[Start of section]
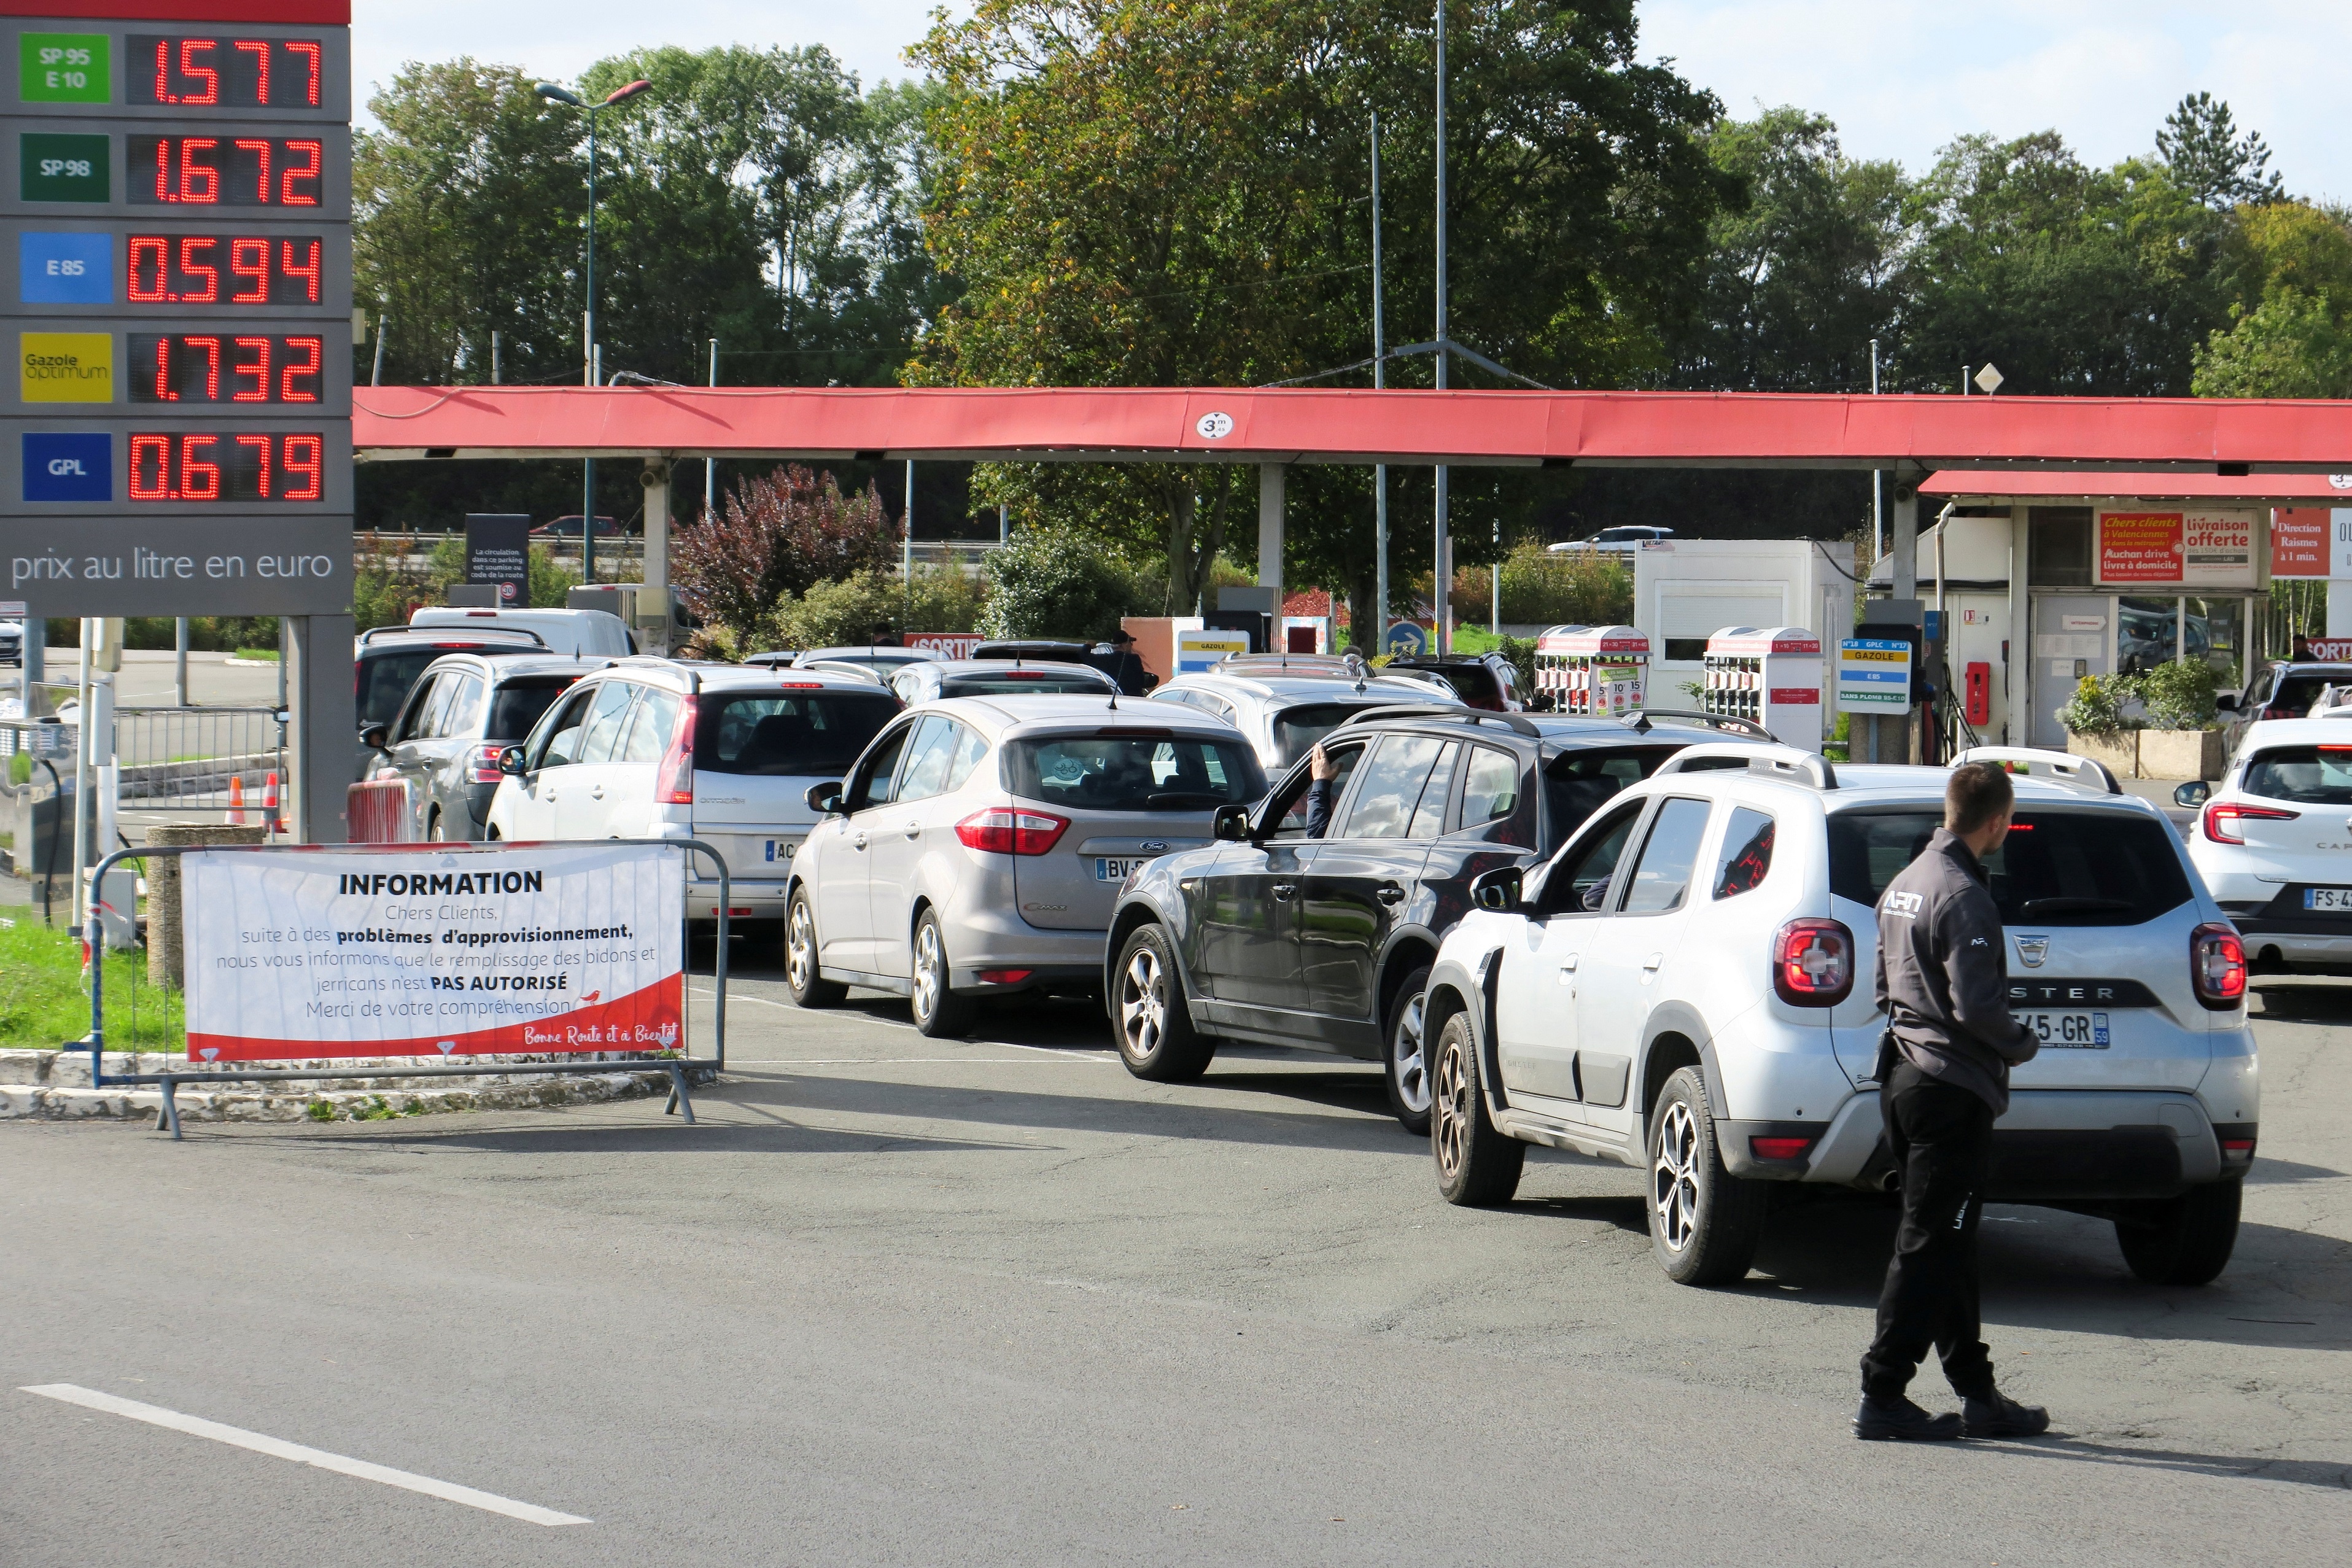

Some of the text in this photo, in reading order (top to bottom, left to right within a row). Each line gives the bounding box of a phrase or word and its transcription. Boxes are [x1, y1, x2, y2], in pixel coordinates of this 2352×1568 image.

[155, 40, 321, 106] 1.577
[155, 139, 321, 205] 1.672
[128, 238, 320, 303] 0.594
[26, 354, 78, 367] Gazole
[26, 365, 107, 381] optimum
[156, 337, 320, 402] 1.732
[1204, 420, 1216, 432] 3
[48, 459, 87, 476] GPL
[129, 435, 320, 500] 0.679
[2105, 517, 2177, 527] Chers clients
[2187, 518, 2248, 530] livraison
[2278, 523, 2321, 532] Direction
[2187, 532, 2248, 546] offerte
[2281, 537, 2318, 546] Raismes
[2105, 549, 2169, 558] Auchan drive
[2281, 551, 2318, 561] à 1 min.
[12, 547, 333, 589] prix au litre en euro
[2104, 561, 2125, 569] livre
[2136, 561, 2177, 569] domicile
[340, 871, 542, 895] INFORMATION
[2315, 890, 2352, 907] FS-4
[385, 905, 497, 921] Chers Clients,
[242, 928, 282, 943] suite
[287, 928, 297, 942] à
[303, 928, 330, 942] des
[336, 928, 432, 945] problèmes
[217, 947, 655, 970] nous vous informons que le remplissage des bidons et
[316, 971, 567, 996] jerricans n'est PAS AUTORISÉ
[306, 1001, 354, 1018] Merci
[361, 999, 382, 1016] de
[388, 1001, 433, 1015] votre
[524, 1022, 678, 1046] Bonne Route et à Bientôt
[2011, 1015, 2090, 1041] 5-GR
[2095, 1031, 2108, 1042] 59
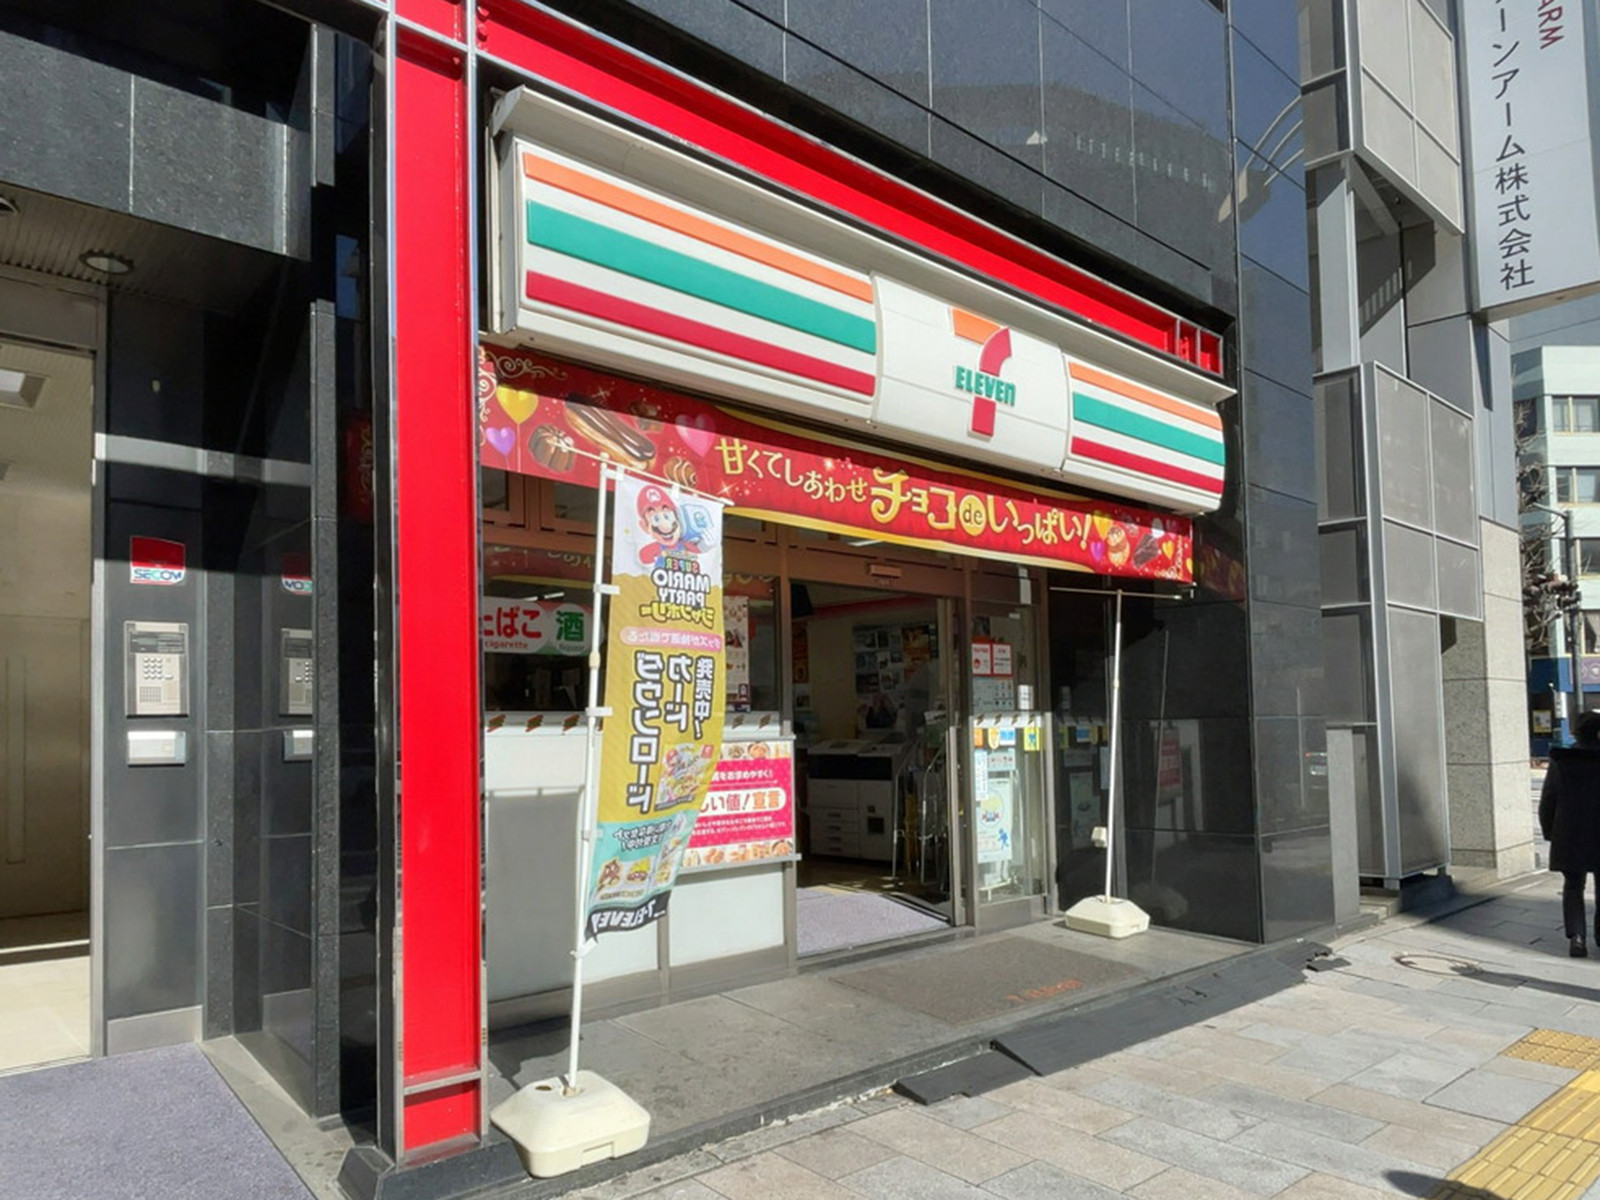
[End of section]
→ WORK REQUIRED
The entries above should be reproduced exactly, without their pictures.

→ RESULT FOR THIS EXERCISE
Some of the text in this photo, in reading order (top to bottom, left to right within a row). Each line gives the bounding box of a phrase or word and its transcription. Boxes are [x1, y1, x2, y2], in pixel coordinates of this 2352×1568 image.

[155, 40, 321, 106] 1.577
[155, 139, 321, 205] 1.672
[128, 238, 320, 303] 0.594
[26, 354, 78, 367] Gazole
[26, 365, 107, 381] optimum
[156, 337, 320, 402] 1.732
[1204, 420, 1216, 432] 3
[48, 459, 87, 476] GPL
[129, 435, 320, 500] 0.679
[2105, 517, 2177, 527] Chers clients
[2187, 518, 2248, 530] livraison
[2278, 523, 2321, 532] Direction
[2187, 532, 2248, 546] offerte
[2281, 537, 2318, 546] Raismes
[2105, 549, 2169, 558] Auchan drive
[2281, 551, 2318, 561] à 1 min.
[12, 547, 333, 589] prix au litre en euro
[2104, 561, 2125, 569] livre
[2136, 561, 2177, 569] domicile
[340, 871, 542, 895] INFORMATION
[2315, 890, 2352, 907] FS-4
[385, 905, 497, 921] Chers Clients,
[242, 928, 282, 943] suite
[287, 928, 297, 942] à
[303, 928, 330, 942] des
[336, 928, 432, 945] problèmes
[217, 947, 655, 970] nous vous informons que le remplissage des bidons et
[316, 971, 567, 996] jerricans n'est PAS AUTORISÉ
[306, 1001, 354, 1018] Merci
[361, 999, 382, 1016] de
[388, 1001, 433, 1015] votre
[524, 1022, 678, 1046] Bonne Route et à Bientôt
[2011, 1015, 2090, 1041] 5-GR
[2095, 1031, 2108, 1042] 59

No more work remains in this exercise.